Une représentation sacrée

Publié le 15-08-2021

de Davide Bracco


(suite du Nouveau Projet de mars)


Au fil des années, le tableau reprend sa place dans l'imaginaire et dans la réflexion dans la sphère des sciences humaines tout d'abord en raison de sa modernité en traitant d'un thème du XXe siècle tel que celui de la mort de Dieu et son scandale qui tente et désoriente.
L'écrivain psychanalyste Julia Kristeva dans un essai de 1986 (Black Sun) souligne la solitude et l'isolement du Christ dans la peinture où « Holbein laisse le cadavre étrangement seul. Et c'est peut-être cet isolement - un fait de composition - qui donne au tableau la plus grande charge mélancolique, plus que le dessin et le coloriage ne le font [...] ce réalisme atroce par sa parcimonie même est accentué au maximum par la composition et position du tableau : seul un corps allongé placé au-dessus des spectateurs et séparé d'eux. Séparé de nous par la base, mais sans aucune ligne de fuite vers le ciel car le plafond de la niche se profile bas, le Christ d'Holbein est un mort inaccessible, loin, mais sans au-delà ».
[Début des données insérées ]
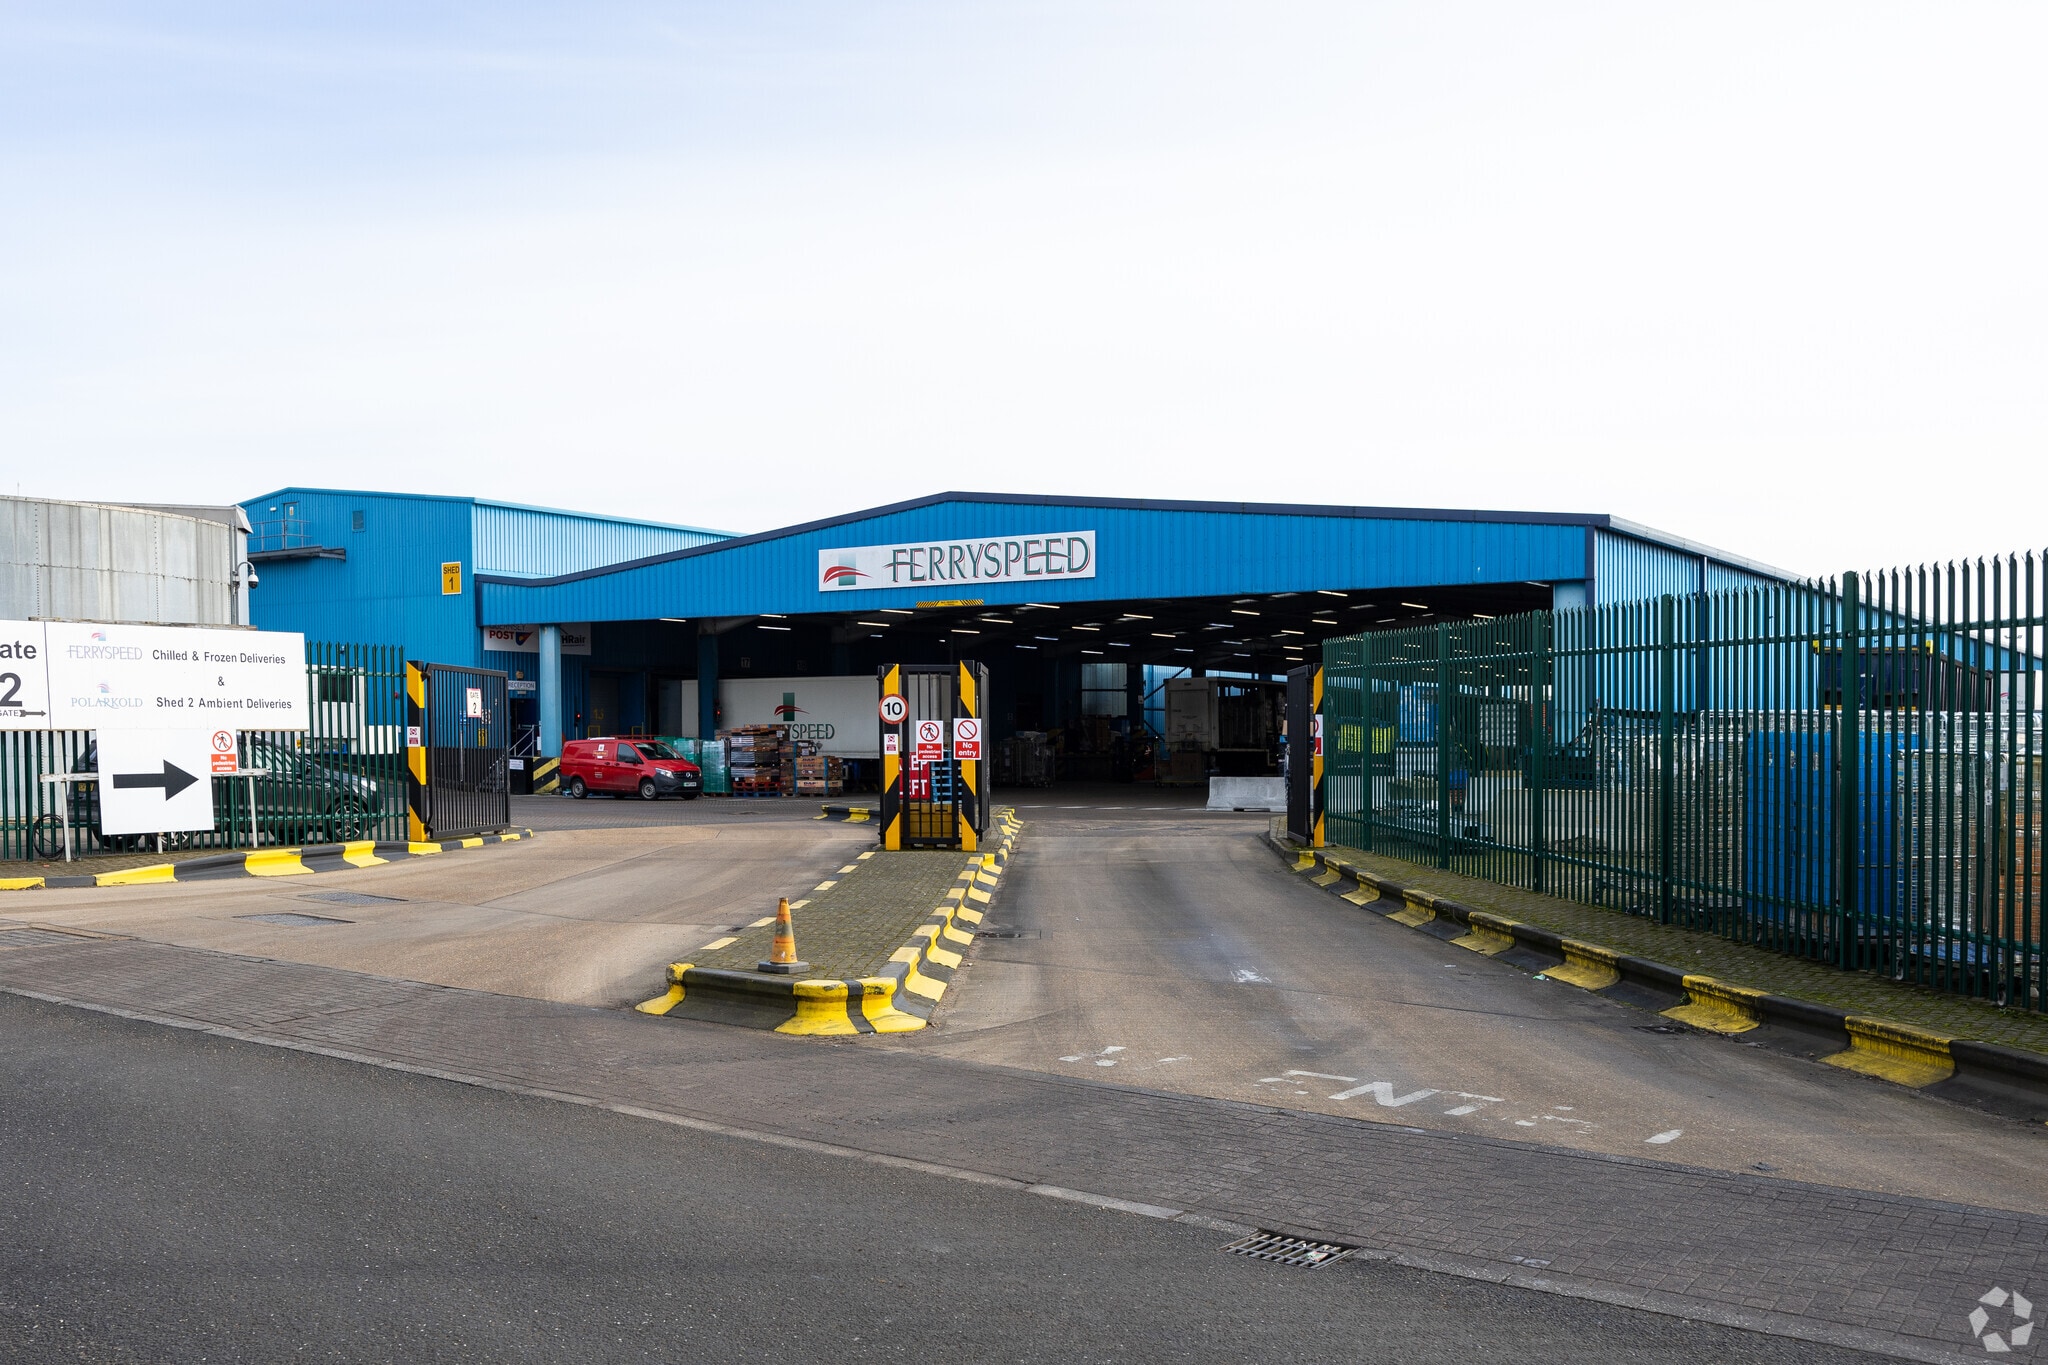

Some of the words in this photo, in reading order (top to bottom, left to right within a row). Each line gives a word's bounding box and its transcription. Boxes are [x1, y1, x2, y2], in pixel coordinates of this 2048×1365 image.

[883, 536, 1091, 583] FERRYSPEED
[443, 565, 460, 574] SHED
[449, 576, 454, 590] 1
[489, 630, 514, 640] POST
[0, 640, 37, 660] ate
[67, 645, 143, 660] FERRYSPEED
[152, 649, 188, 661] Chilled
[192, 651, 200, 661] &
[204, 652, 237, 662] Frozen
[240, 653, 286, 664] Deliveries
[217, 676, 225, 686] &
[0, 672, 23, 707] 2
[470, 691, 479, 699] GATE
[71, 698, 143, 709] POLARKOLD
[156, 697, 184, 708] Shed
[188, 697, 194, 708] 2
[199, 698, 243, 709] Ambient
[246, 699, 292, 709] Deliveries
[473, 702, 477, 714] 2
[884, 702, 903, 716] 10
[791, 723, 835, 739] SPEED
[958, 749, 977, 757] entry
Mais Kristeva est aussi choquée par le mystère du tableau et de son créateur qui pourrait aussi vouloir nous inviter à considérer « le tombeau du Christ comme un tombeau vivant, à participer à la mort représentée et à l'inclure dans notre vie pour la rendre vivante ». L'effet des yeux et de la bouche ouverts du Christ a été décrit par le critique d'art Michel Onfray comme affirmant que « le spectateur voit le Christ qu'il voit : il peut aussi penser à ce que la mort lui réserve, puisque le Christ regarde le paradis, tandis que son âme est déjà là. Mais personne n'a pris la peine de fermer la bouche et les yeux sur l'homme-Christ. Ou plutôt Holbein veut nous dire que, même dans la mort, le Christ nous voit et nous parle ».
Au terme d'une enquête pourtant jamais vraiment conclue et témoignant de la forte capacité évocatrice de ce tableau, le pape François dans l'encyclique de 2013 Lumen fidei fait référence à Holbein à travers la citation du roman de Dostoïevski. Dans la dureté et la crudité de la représentation de la mort, la foi se renforce par rapport à l'amour de l'homme manifesté par Jésus-Christ.
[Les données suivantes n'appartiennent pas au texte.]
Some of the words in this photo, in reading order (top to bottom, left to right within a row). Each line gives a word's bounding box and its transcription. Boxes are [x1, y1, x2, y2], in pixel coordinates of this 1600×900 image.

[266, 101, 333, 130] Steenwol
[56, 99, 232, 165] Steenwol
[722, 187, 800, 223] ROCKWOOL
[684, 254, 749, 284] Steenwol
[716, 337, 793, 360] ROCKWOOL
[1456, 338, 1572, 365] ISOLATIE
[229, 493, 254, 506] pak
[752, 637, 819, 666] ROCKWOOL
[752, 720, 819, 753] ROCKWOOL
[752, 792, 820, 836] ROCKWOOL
Ainsi au point 16 : « La plus grande preuve de la fiabilité de l'amour du Christ se trouve dans sa mort pour l'homme. Si donner sa vie pour des amis est la plus grande preuve d'amour (cf. Jn 15,13), Jésus a offert sa vie pour tous, même pour ceux qui étaient ennemis, pour transformer le cœur. C'est pourquoi les évangélistes ont placé dans l'heure de la Croix le moment culminant du regard de la foi, car à cette heure resplendit la hauteur et la largeur de l'amour divin. Saint Jean déposera ici son témoignage solennel quand, avec la Mère de Jésus, il contempla celui qu'ils transpercèrent (cf. Jn 19, 37) : « Celui qui a vu rend témoignage et son témoignage est vrai ; il sait qu'il dit la vérité, afin que vous aussi vous croyiez " (Jn 19:35). FM Dostoïevski, dans son ouvrage L'Idiot, fait le protagoniste dit, le prince Mychkine, à la vue de la peinture du Christ mort dans la tombe, par Hans Holbein le Jeune : "Cette peinture pourrait aussi faire perdre la foi à quelqu'un". En fait, le tableau représente, de manière très crue, les effets destructeurs de la mort sur le corps du Christ. Et pourtant, c'est précisément dans la contemplation de la mort de Jésus que la foi se fortifie et reçoit une lumière éblouissante, lorsqu'elle se révèle comme foi en son amour inébranlable pour nous, capable d'entrer dans la mort pour nous sauver. En cet amour, qui ne s'est pas retiré de la mort pour montrer combien il m'aime, il est possible de croire ; sa totalité surmonte tout soupçon et nous permet de nous confier pleinement au Christ ».